His group is working to understand the full value to be gained from the data gleaned from tissue biopsies and the unprecedented opportunity to use computational machine learning tools on the digitized slides. “This will not just identify presence or absence of disease,” he said, “but mine data for digital interrogation of data from perspective of mining digital biomarkers to identify features that can tell us about the risk of progression of disease, aggressiveness of disease, and how likely patients are going to respond to chemotherapy or immunotherapy.”

To illustrate this potential, he highlighted a series of studies from his group where AI and machine learning had been shown to suggest which patients would benefit most from which treatment. These included one focusing on disorder of collage fiber associated with risk of recurrence in Estrogen Receptor Positive (ER+) breast cancers in ECOG-ACRIN E2197 & TCGA. “This goes to show the value of these diagnostic tools to aid the clinician in figuring what the outcome is and how to treat these patients,” he said. “This is also true in early-stage disease.”

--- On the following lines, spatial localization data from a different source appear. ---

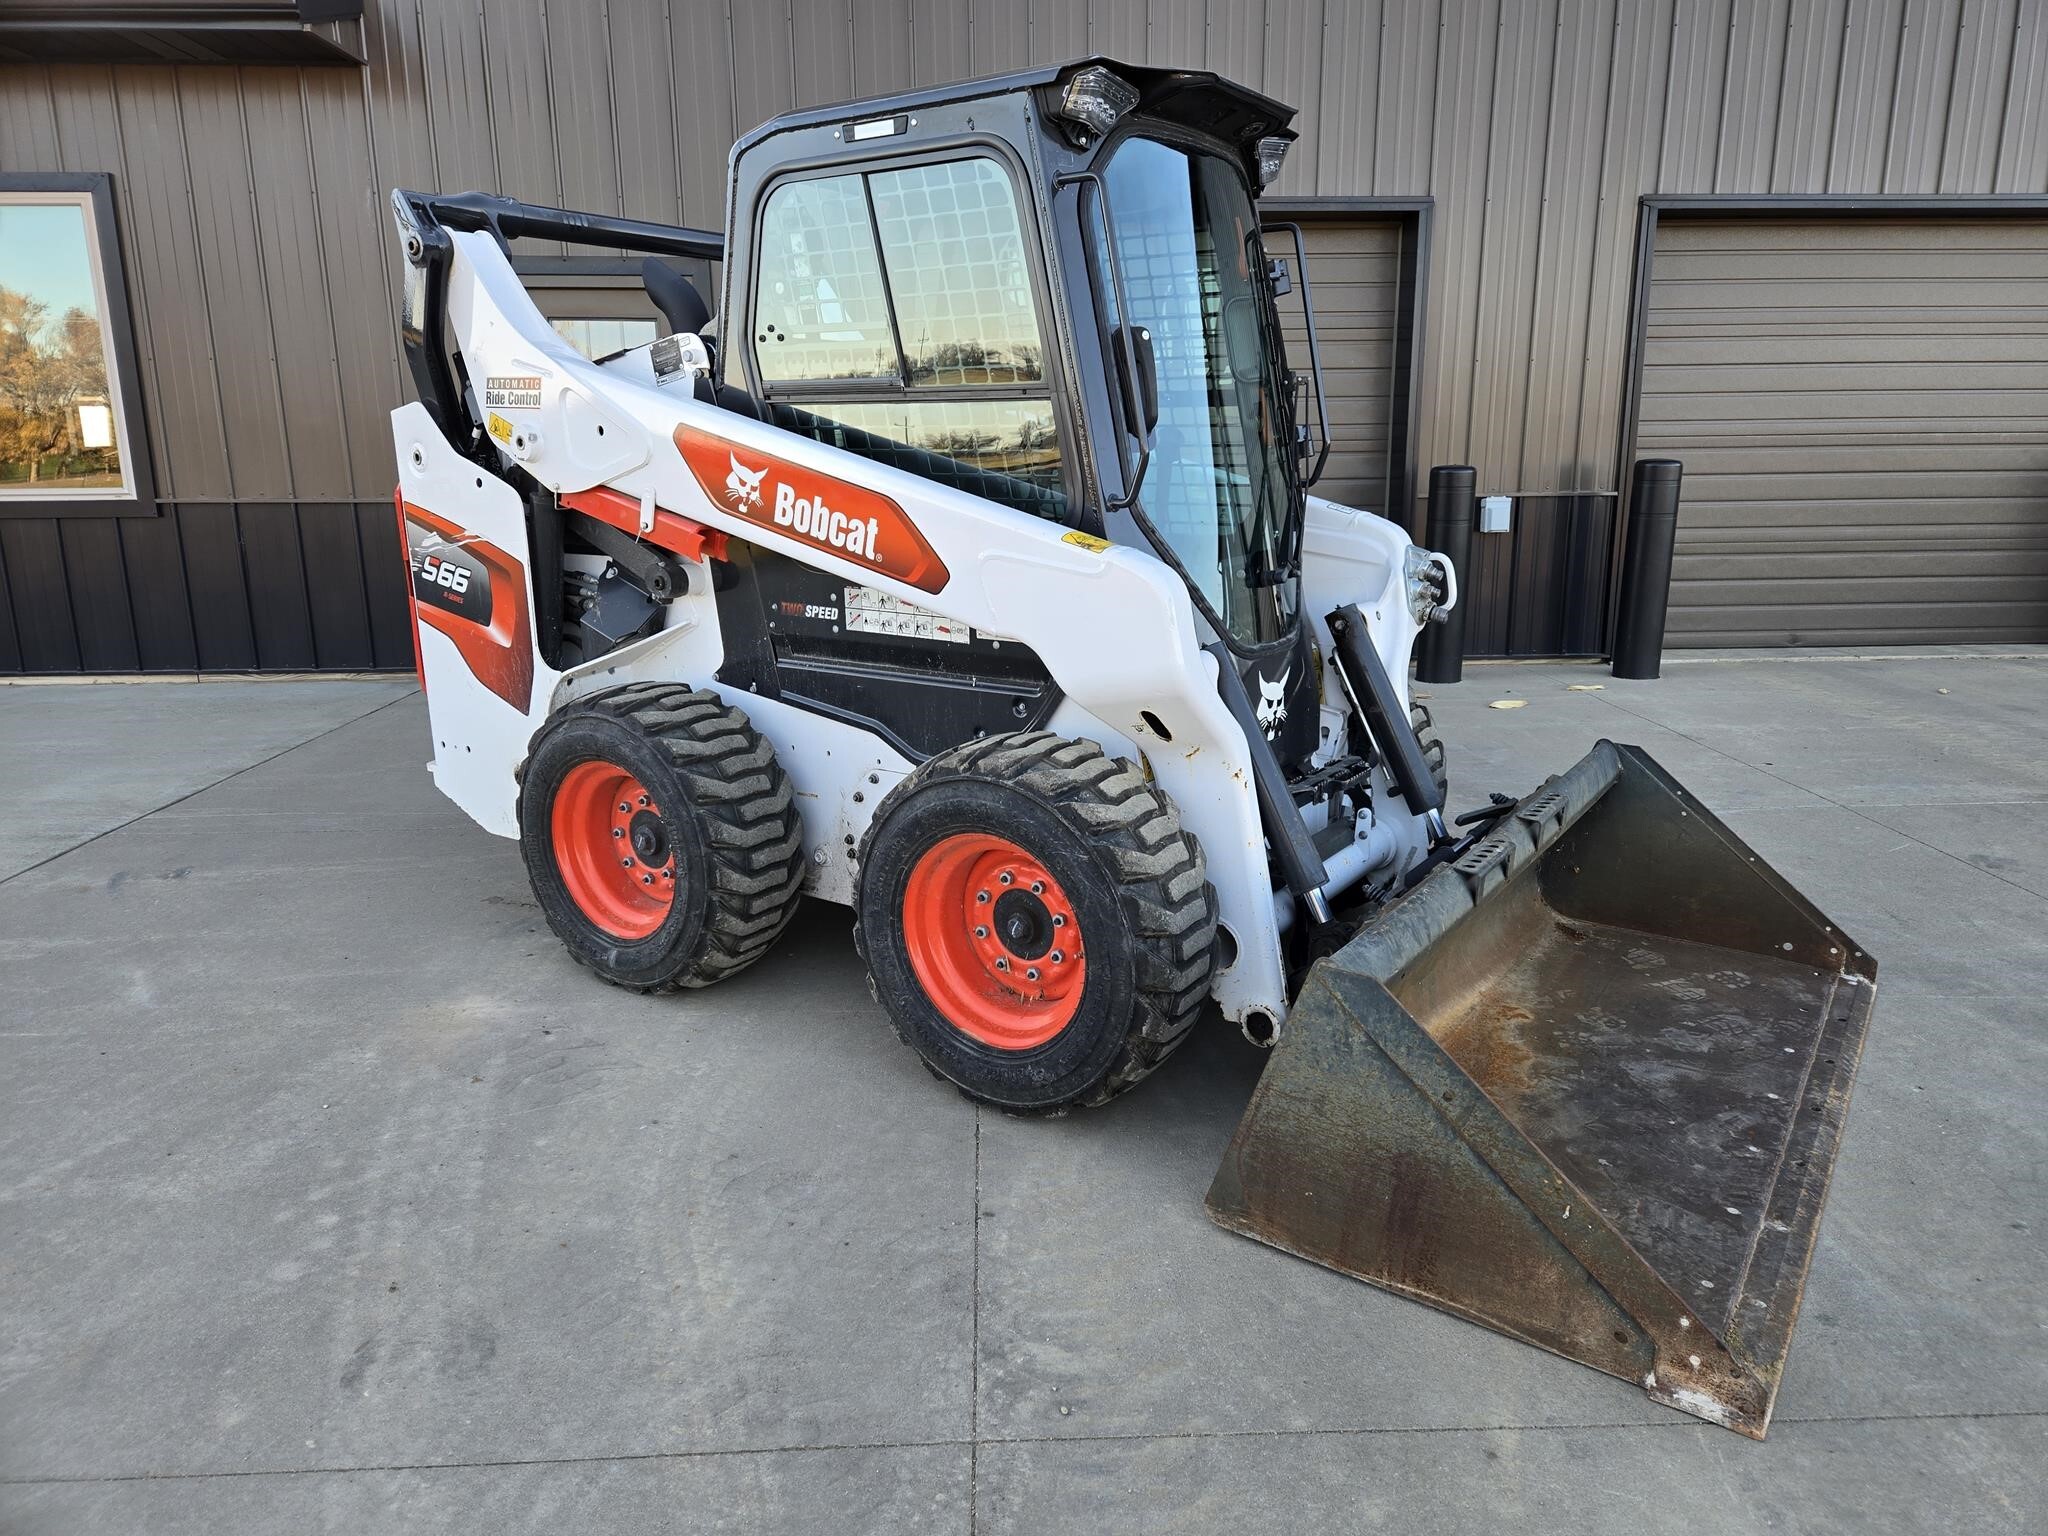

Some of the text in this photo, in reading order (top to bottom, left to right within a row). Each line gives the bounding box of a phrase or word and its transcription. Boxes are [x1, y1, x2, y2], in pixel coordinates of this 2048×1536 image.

[487, 378, 540, 389] AUTOMATIC
[486, 391, 541, 406] Ride Control
[774, 482, 879, 561] Bobcat
[421, 556, 471, 594] S66
[781, 601, 839, 620] TWO SPEED
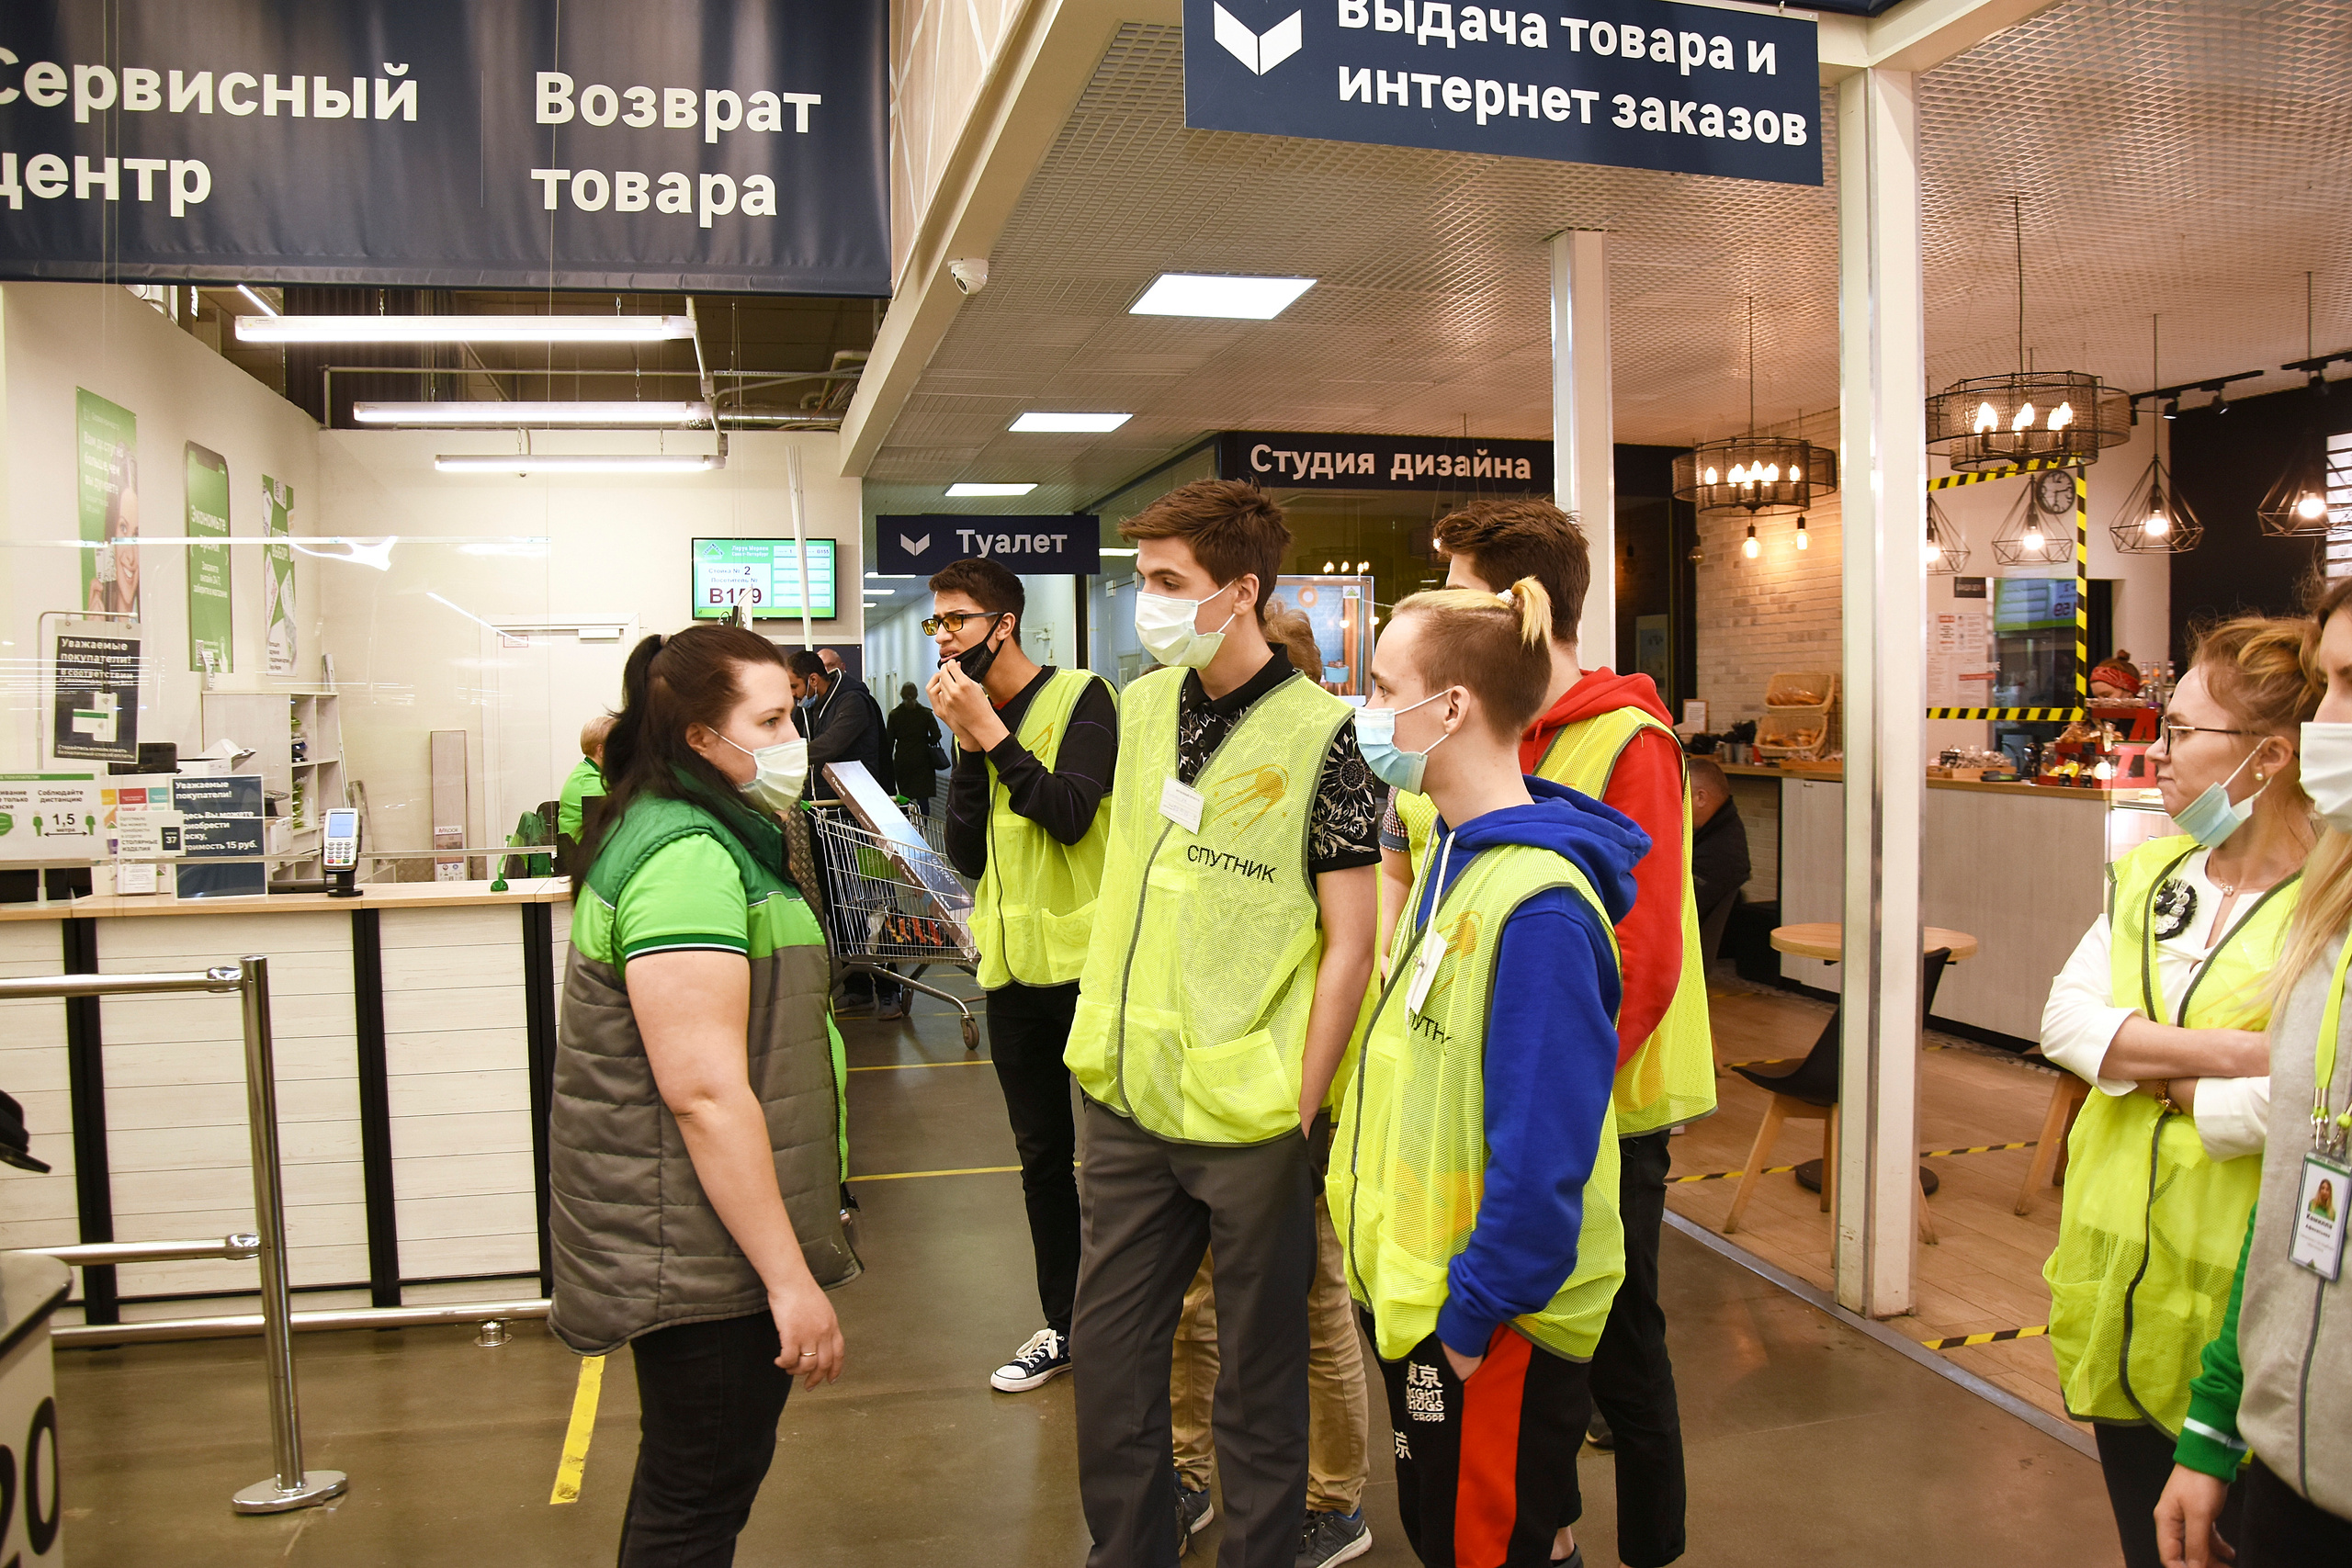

Computational analysis with routine imaging could help address questions in precision medicine, specifically prognosis and predicting response to therapy

Anant Madabhushi

In other examples, he outlined how a combination of computer extracted features of nuclear morphology, tubular formation and mitotic count predict disease free survival in ER+ breast cancer, and also how computer extracted images of nuclear shape, orientation disorder and texture from whole slide imaging are associated with disease free survival in ductal carcinoma in situ. He further detailed possibility of using similar approaches predicting post-surgical recurrence in prostate cancer, lung cancer, ovarian cancer, endometrial and cervical cancer.

In conclusion, Professor Madabhushi said: “Computational analysis with routine imaging could help address questions in precision medicine, specifically prognosis and predicting response to therapy.” The relatively low-cost aspect of computational diagnostic tools could also have global benefits, especially in low- and middle-income countries. “Also,” he added, “the importance of establishing the connection to the molecular underpinning of the features, moving away from an abstract representation, is going to be a really important driver for clinical adoption and clinical utility.”


Profile:

Anant Madabhushi is the Donnell Institute Professor of Biomedical Engineering, Case School of Engineering, Case Western Reserve University, Cleveland, Ohio, and also Director of the Center for Computational Imaging and Personalized Diagnostics. In the School of Medicine, he is Professor in the Departments of Pathology, RadiationOncology, Radiology, Urology and General Medical Sciences. His research interests include quantitative image analysis, radiomics, pathomics, cancer imaging, and digital pathology.